In the recent UN e-Government Survey 2020 that rates 193 UN Member States in terms of digital government, Estonia ranks among the top three most digitally advanced countries together with Denmark and the Republic of Korea. Estonia recorded the most significant e-Government Development Index increase from 16th place in 2018 to 3rd place this year. In the e-Participation Index, Estonia is ranked 1st in the world.

The survey captures the scope and quality of online services, the status of telecommunications, and existing human capacity. Over the past ten editions, the survey has become widely recognised as a leading benchmarking reference on e-government development.

The main part of the e-Government Survey deals with the state of e-government development around the world and in this section, Estonia ranks 3rd. The methodology focuses on 19 key metrics, 13 of which deal with strategies and legal as well as institutional frameworks.

Participation is a key dimension of governance and one of the pillars of sustainable development. The 2030 Agenda for Sustainable Development highlights the importance of participatory processes. Through the survey, e-participation is assessed on the basis of features of national e-government portals and other government websites that relate to the provision of information to citizens; consultation; and decision-making. Estonia is the country that ranks highest in the 2020 e-Participation Index, ahead of South Korea and the United States.

Estonia is considered one of the fastest rising countries for digital transformation in the world. The citizens in Estonia can do basically anything online except for getting married or divorced. “The jump from 16th place to 3rd in e-Governance and our highest rank in e-Participation shows that Estonia has been on the right track in building a resilient digital society,” stated Siim Sikkut, Government CIO of the Republic of Estonia. “But there’s always work to be done to continue ahead of the curve in digital development and we have to acknowledge that benchmarks like the UN’s show things in the rearview mirror,” Sikkut added. “We are already working on the next solutions in e-Estonia, be it proactive services or making our government AI-driven.

“The pandemic has renewed and anchored the role of digital government – both in its conventional delivery of digital services as well as new innovative efforts in managing the crisis,” Mr. Liu Zhenmin, UN Under‑Secretary-General for Economic and Social Affairs, said in the survey, adding: “Partnerships are more important than ever, between governments and the private sector, and among countries in the same region or across national digital government teams.”

Thanks to Estonia’s collective response to the crisis – both by our government and IT companies – the continuity and resilience of its public services remained unchanged and Estonia has been regarded as one of the best nations to cope with crises. Estonia is also very open to sharing it’s experience and knowledge in digitalisation, especially when it comes to bridging the widening the digital divide between and within countries.

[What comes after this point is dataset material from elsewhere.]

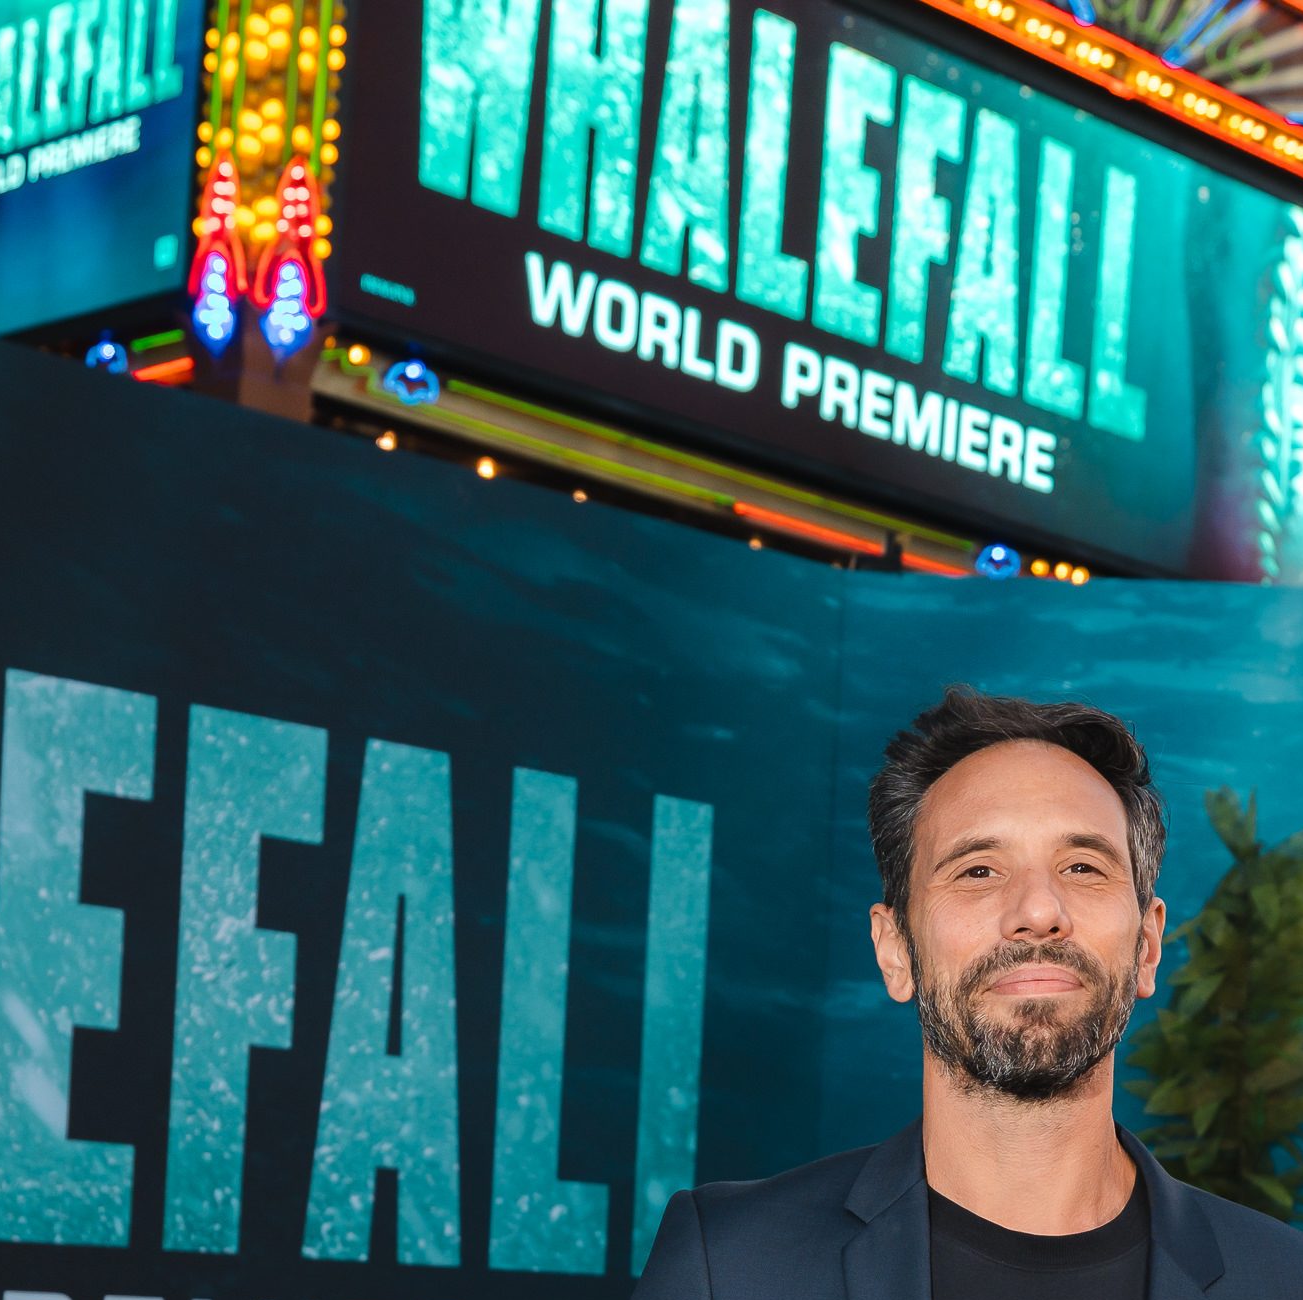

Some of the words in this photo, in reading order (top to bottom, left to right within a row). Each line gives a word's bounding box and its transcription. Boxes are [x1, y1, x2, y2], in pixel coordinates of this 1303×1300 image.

That is why the Estonian state created the e-Estonia Briefing Centre where its unique digital society and e-solutions have been shared with more than sixty governments and its solutions exported to over 130 countries around the world. To name a few examples – launching digital prescriptions in Japan; more effective tax filing in Finland; building secure data exchange for US telecoms; developing the e-government infrastructure in Ukraine and building the world’s fastest company creation e-service in Oman. The e-Estonia Briefing Centre hosts impactful events both in-person and online for government institutions, companies and media. Through this, the centre shares e-Estonia best practices and builds links to leading Estonian IT-companies and state experts that help build digital ecosystems and national resilience all over the world.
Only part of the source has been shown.